ACTIVITY →
Output all of the data exactly, keeping any images out of the copy.

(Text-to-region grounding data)
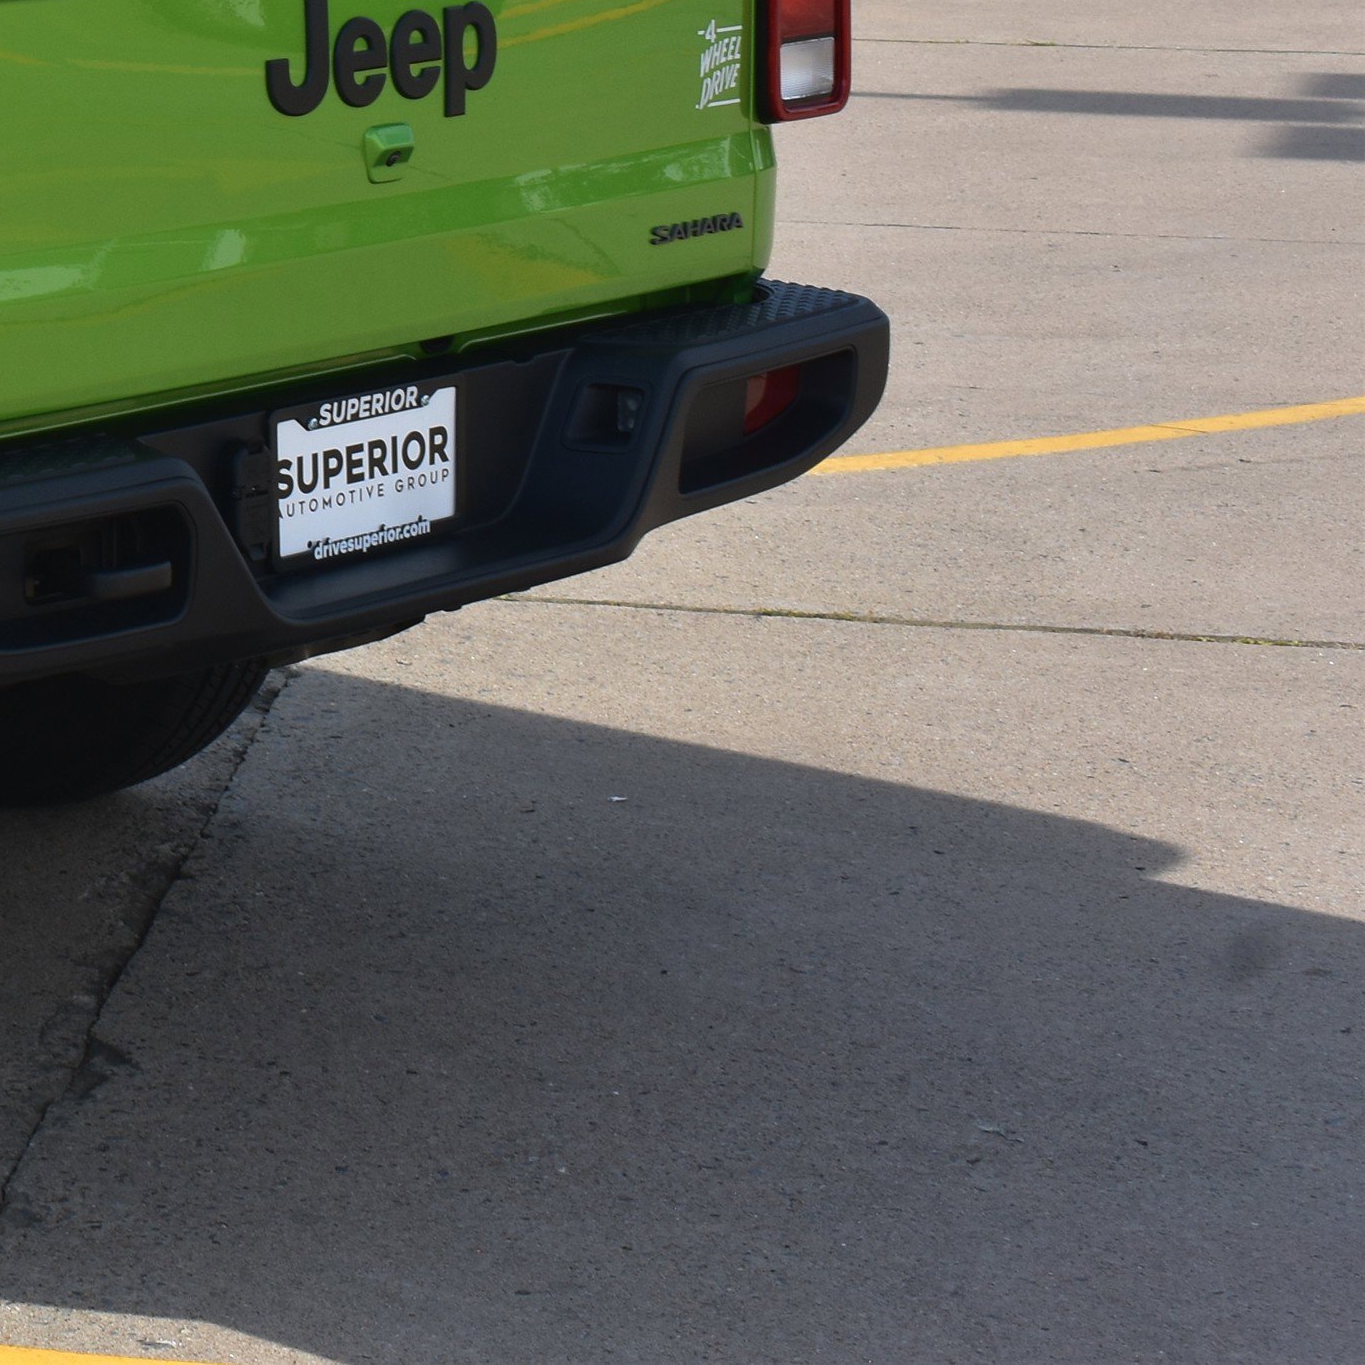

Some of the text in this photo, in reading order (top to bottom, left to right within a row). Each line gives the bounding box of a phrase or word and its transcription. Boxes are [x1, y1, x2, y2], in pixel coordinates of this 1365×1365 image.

[704, 19, 716, 43] 4
[700, 35, 742, 77] WHEEL
[696, 63, 741, 110] DRIVE
[649, 211, 744, 246] SAHARA
[319, 385, 418, 427] SUPERIOR
[277, 424, 449, 500] SUPERIOR
[395, 467, 451, 493] GROUP
[313, 518, 432, 561] drivesuperior.com

SOLUTION FOR THIS EXERCISE →
Some of the text in this photo, in reading order (top to bottom, left to right within a row). Each line gives the bounding box of a phrase or word and its transcription. Boxes are [x1, y1, x2, y2], in pixel coordinates of this 1365×1365 image.

[704, 19, 716, 43] 4
[700, 35, 742, 77] WHEEL
[696, 63, 741, 110] DRIVE
[649, 211, 744, 246] SAHARA
[319, 385, 418, 427] SUPERIOR
[277, 424, 449, 500] SUPERIOR
[395, 467, 451, 493] GROUP
[313, 518, 432, 561] drivesuperior.com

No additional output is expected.